Tak ada istilah pengorbanan diri dalam pernikahan, dengan begitu pria benar-benar bingung dengan langkah apa yang harus segera diambil selanjutnya ketika wanita tidak lagi menginginkan keintiman atau kasih sayang fisik. Istrinya memiliki sejumlah besar kelebihan. Ketika dia menyampaikan bahwa dia tidak boleh melakukan apa pun, dia tidak mau melakukannya sebab dia tidak pernah memaksa suaminya melakukan apa pun yang tidak ingin dia lakukan. Dia terus menerus merasa sangat marah sebab suaminya berani menyarankan agar dia melakukan sesuatu yang tidak ingin dia lakukan, dan menganggap ini sebagai “pemaksaan,” yang, berdasarkan kerangka sebelumnya, terasa benar baginya.
Dalam terapi, perpecahan empatik harus segera didiskusikan, serta secara langsung mengatasi dinamika menyeluruh “kita melakukan apa yang kita inginkan” yang berhasil sepanjang bertahun-tahun. Pasangan ini terus menerus mengabaikan diskusi emosional, dan kemungkinan besarnya ada sejumlah besar “gajah di ruangan” yang mungkin saja perlu didiskusikan secara terbuka.
Langkah pertama menuju perubahan biasanya terjadi ketika sang pria mempunyai perannya dalam berharap untuk melakukan segala sesuatu yang ingin dia lakukan selama pernikahan tanpa mengorbankan hal-hal yang dia sukai demi hal-hal yang diinginkan istrinya. Mengingat pembingkaian tersebut, sungguh tidak adil bagi pria untuk berharap wanita tersebut mengorbankan kenyamanan dan hak pilihannya demi sesuatu yang tidak lagi diinginkannya, yaitu keintiman seksual.
Seluruh filosofi pernikahan perlu dipecah dan dibangun dari awal, mengakhiri luka lama dan mengeksplorasi mengapa pasangan pada awalnya tertarik pada dinamika di mana pasangan tidak diprioritaskan dan preferensi individu adalah raja.

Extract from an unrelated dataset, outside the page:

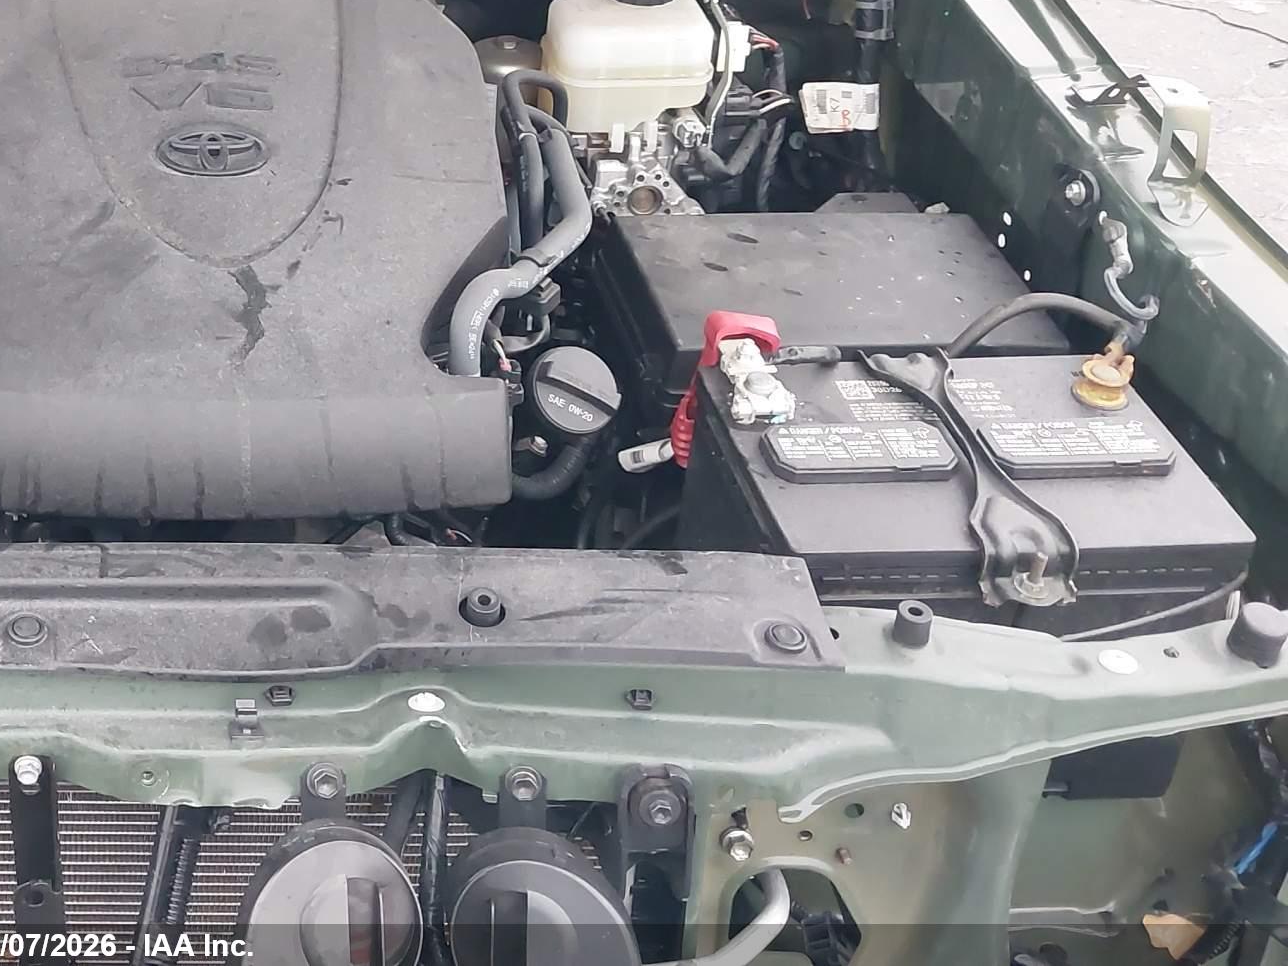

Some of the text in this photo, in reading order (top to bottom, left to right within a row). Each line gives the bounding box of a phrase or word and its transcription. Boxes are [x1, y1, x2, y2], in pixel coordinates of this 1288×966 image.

Hanya ketika perempuan merasa bahwa laki-laki bersedia untuk keluar dari zona nyamannya barulah perempuan tersebut membuat kelonggaran untuk melakukan hal ini, terutama andai ada keluhan-keluhan yang telah lama diminimalkan oleh laki-laki yang dapat mengakibatkan kurangnya pengorbanan di pihak laki-laki untuk keluarga atau pernikahan.
Anda berdua berkolaborasi dalam menciptakan dinamika ini, disengaja atau tidak, dan keduanya perlu mencari tau tahu apa dalam sejarah mereka masing-masing (petunjuk: melihat keluarga asal Anda seperti biasa) yang menarik mereka ke dalam hubungan yang tidak terhubung, individual-sebelum- pasangan dinamis. Sesekali, hal ini lebih mudah untuk didiskusikan dalam terapi, terutama andai diskusi tersebut berubah menjadi saling menyalahkan atau diam yang menegangkan.
Samantha Rodman Whiten, alias Dr. Psych Mother, adalah psikolog klinis di praktik swasta dan pendiri DrPsychMom. Dia bekerja dengan orang dewasa dan pasangan dalam praktik kelompoknya Kesehatan Perilaku Hidup Terbaik.